“He Never Got to Enlist”

Arndt “Arnie” Winkler was born on February 8, 1911 in Odell, Il. to Hagen Winkler and Eileen Burke.  Hagen was of German descent and worked as a farmer on his eighty-acre farm.  Eileen was of Irish descent and cared for their ten children: Karl, Daniel, Lorene, Augustus, Freda, Arndt, May, Felix, Essie and Elbert.  Hagen’s father, Arndt, also lived with them and was apparently Arnie’s favorite person in the whole world.

Arndt, the elder, lived into his nineties and helped on the farm until his dying day.  The family always said that it was a good thing Grandpa Arndt was there because when Hagen was fifty years old, he suffered a blow to the head (the details are unknown), which resulted in him having seizures for the rest of his life.  Despite this handicap, Hagen was still able to sometimes work on the farm alongside his father and six sons and lived into his eighties, as did Eileen.

Arnie, the younger, grew up working on the farm and went to two years of high school before he decided to try his luck painting houses.  He liked it more than working on the farm or going to school and was able to make some money at it.  Eventually, however, he decided to follow his two sisters, Freda and Lorene, to Chicago, where they had moved to get work.  There, he joined a painters’ union and easily found a job.  He had few friends at first, though, so he often spent his free time with his sisters.  One night, Lorene invited Arnie to come with her and some of her friends to see a movie, and it was then that he was introduced to one of her friends, Sally Knapp.

Arnie and Sally hit it off right away, and the two of them began dating.  They were married in 1939 and got an apartment on the south side on S. Aberdeen Street.  There they had two children, Rose and Arndt, Jr.  They moved several more times over the years and eventually bought a house in Elmwood Park.  Both Arnie and Sally were active in the Catholic Church and were members of various parishes, depending on where they lived, including Our Lady of Sorrows, St. Bartholomew, Our Lady of Victory, St. William, and St. Edna.

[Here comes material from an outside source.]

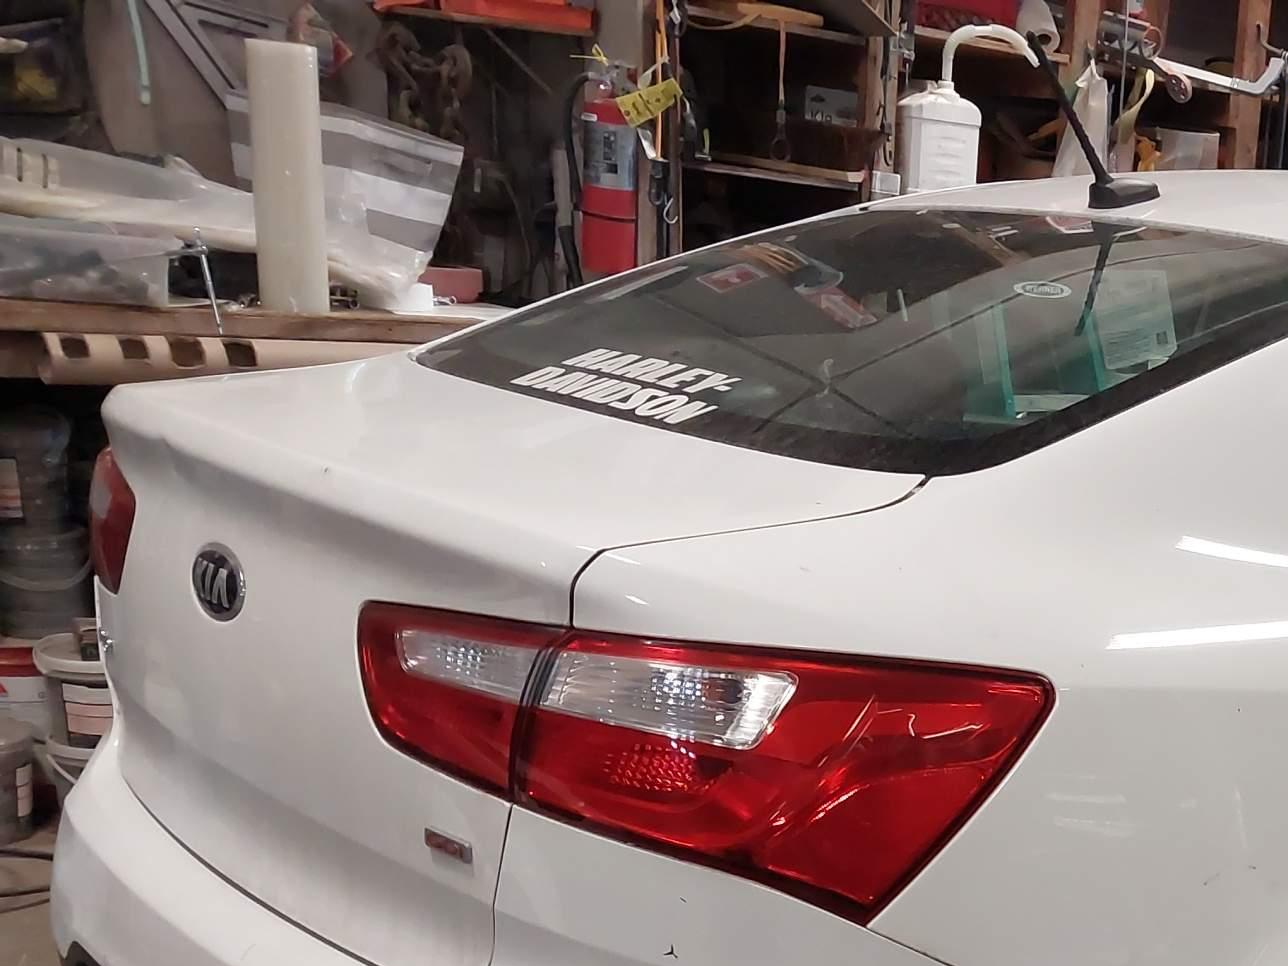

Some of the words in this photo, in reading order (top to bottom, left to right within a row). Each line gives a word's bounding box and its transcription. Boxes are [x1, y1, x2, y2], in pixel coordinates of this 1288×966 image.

Arnie was fiercely patriotic, and when the war broke out, he went to enlist but was turned away because he was over twenty-nine with two children.  He was devastated that they wouldn’t take him, so he threw himself into his work instead and did what he could on the home front.  “He talked about it all the time,” his daughter, Rose, says, “that he never got to go to the war.  I think he felt ashamed for a long, long time.”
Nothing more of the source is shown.